Speyer wird das deutsche Kooperationszentrum für Qualitätsmanagement für den öffentlichen Sektor. Die Gründungsveranstaltung zum Netzwerk des Gemeinsamen Europäischen Qualitätsbewertungssystems in Speyer stieß auf großes Interesse. Verwaltungen aus Bundes-, Landes- und Kommunalebene trafen sich, um über die Anwendung des Qualitätsbewertungssystems CAF zu diskutieren und an dessen Weiterentwicklung aktiv mitzuwirken. Dazu wurde in Speyer ein Netzwerk gegründet, um den Erfahrungsaustausch zwischen den Verwaltungen, die das CAF einführen wollen, zu unterstützen.

Im Gusswort des Bundesinnenministeriums hob Thorsten Keiler die Bedeutung des Qualitätsmanagements für die öffentliche Verwaltung im Rahmen des Programms „Aktivierender Staat“ hervor. Daran anschließend folgte eine Einführung in die CAF-Kriterien durch die Univ.-Professoren Dres. Klages und Hill. Klages verglich in seinem Vortrag die unterschiedlichen Qualitätsbewertungssysteme EFQM, ISO 9000, CAF und den Speyerer Qualitätswettbewerb. Zudem wies er darauf hin, dass das CAF als einfacher Einstieg in das Qualitätsmanagement dienen kann. Einen Überblick über die bisherige und zukünftige Entwicklung des CAF stellte Hill vor. Dabei verwies er insbesondere auf die Möglichkeit, sich mit anderen europäischen Verwaltungen vergleichen zu können. Zu diesem Zweck wurde die DHV Speyer vom Bundesinnenministerium beauftragt, als Koordinierungsstelle für das Qualitätsmanagement-Netzwerk zu fungieren. Bei der 2. Europäischen Qualitätskonferenz in Kopenhagen erhalten dann drei ausgewählte Verwaltungen aus Deutschland die Möglichkeit, ihre Erfahrungen auf EU-Ebene vorzustellen. Zudem wurde die eigens für die CAF-Netzwerkteilnehmer und -teilnehmerinnen entwickelte Web-Seite vorgestellt.

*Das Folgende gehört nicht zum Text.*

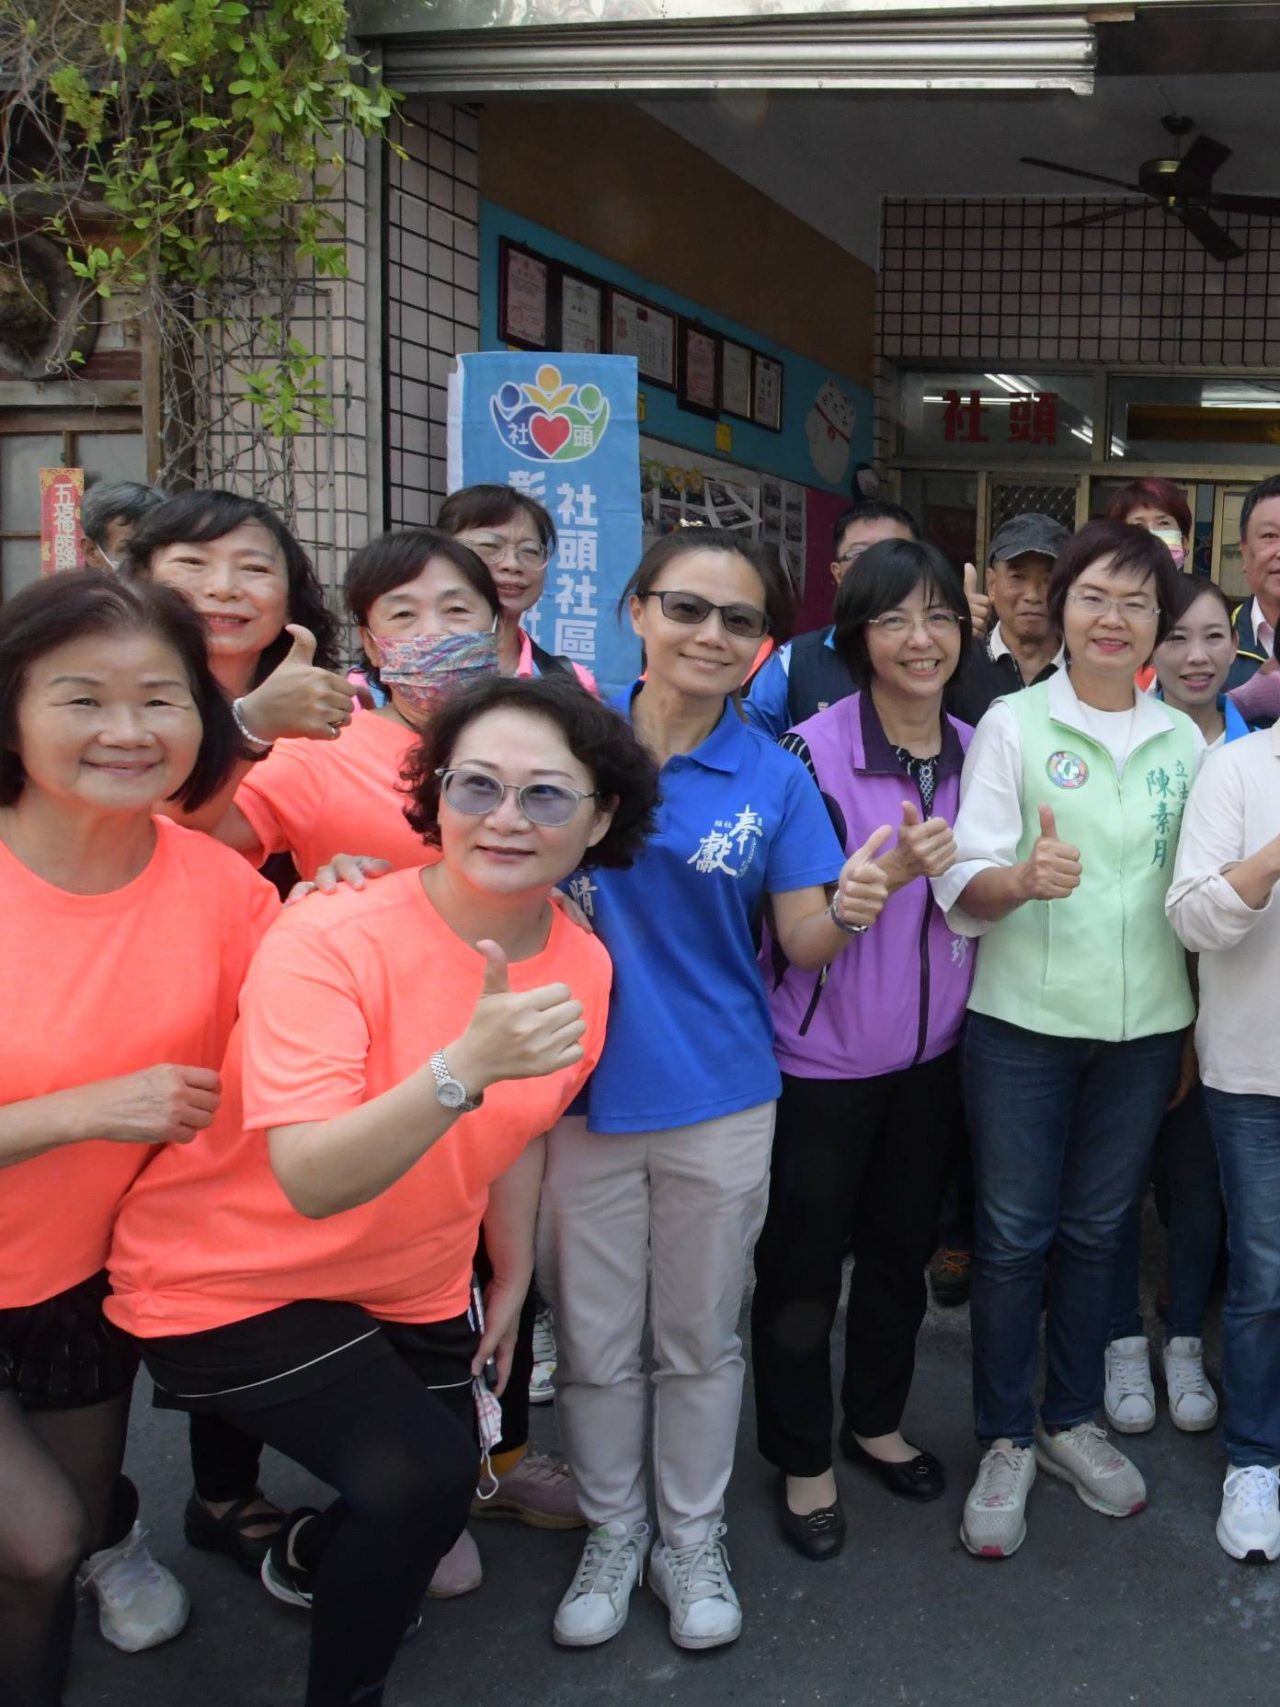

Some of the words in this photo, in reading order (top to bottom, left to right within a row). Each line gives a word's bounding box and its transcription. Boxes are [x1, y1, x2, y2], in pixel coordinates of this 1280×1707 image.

Die anschließende Schulungsveranstaltung begann mit Praxisberichten der Stadt Feldkirch in Österreich und der Bundesgrenzschutzschule Lübeck. Martin Duelli von der Stadt Feldkirch stellte als Preisträger des Speyerer Qualitätswettbewerbes von 1996 die Pionierarbeit einer Selbstbewertung nach CAF vor. Dabei schilderte er in einem anschaulichen Vortrag die Stärken und Schwächen eines erstmalig angewandten Konzeptes. Rainer Mittmann und Olaf Weidner von der Bundesgrenzschutzschule Lübeck schilderten ihre Erfahrungen mit CAF – besonders im Vergleich mit anderen Qualitätssystemen. Zudem betonten sie den einfachen Einstieg in dieses Qualitätsbewertungssystem.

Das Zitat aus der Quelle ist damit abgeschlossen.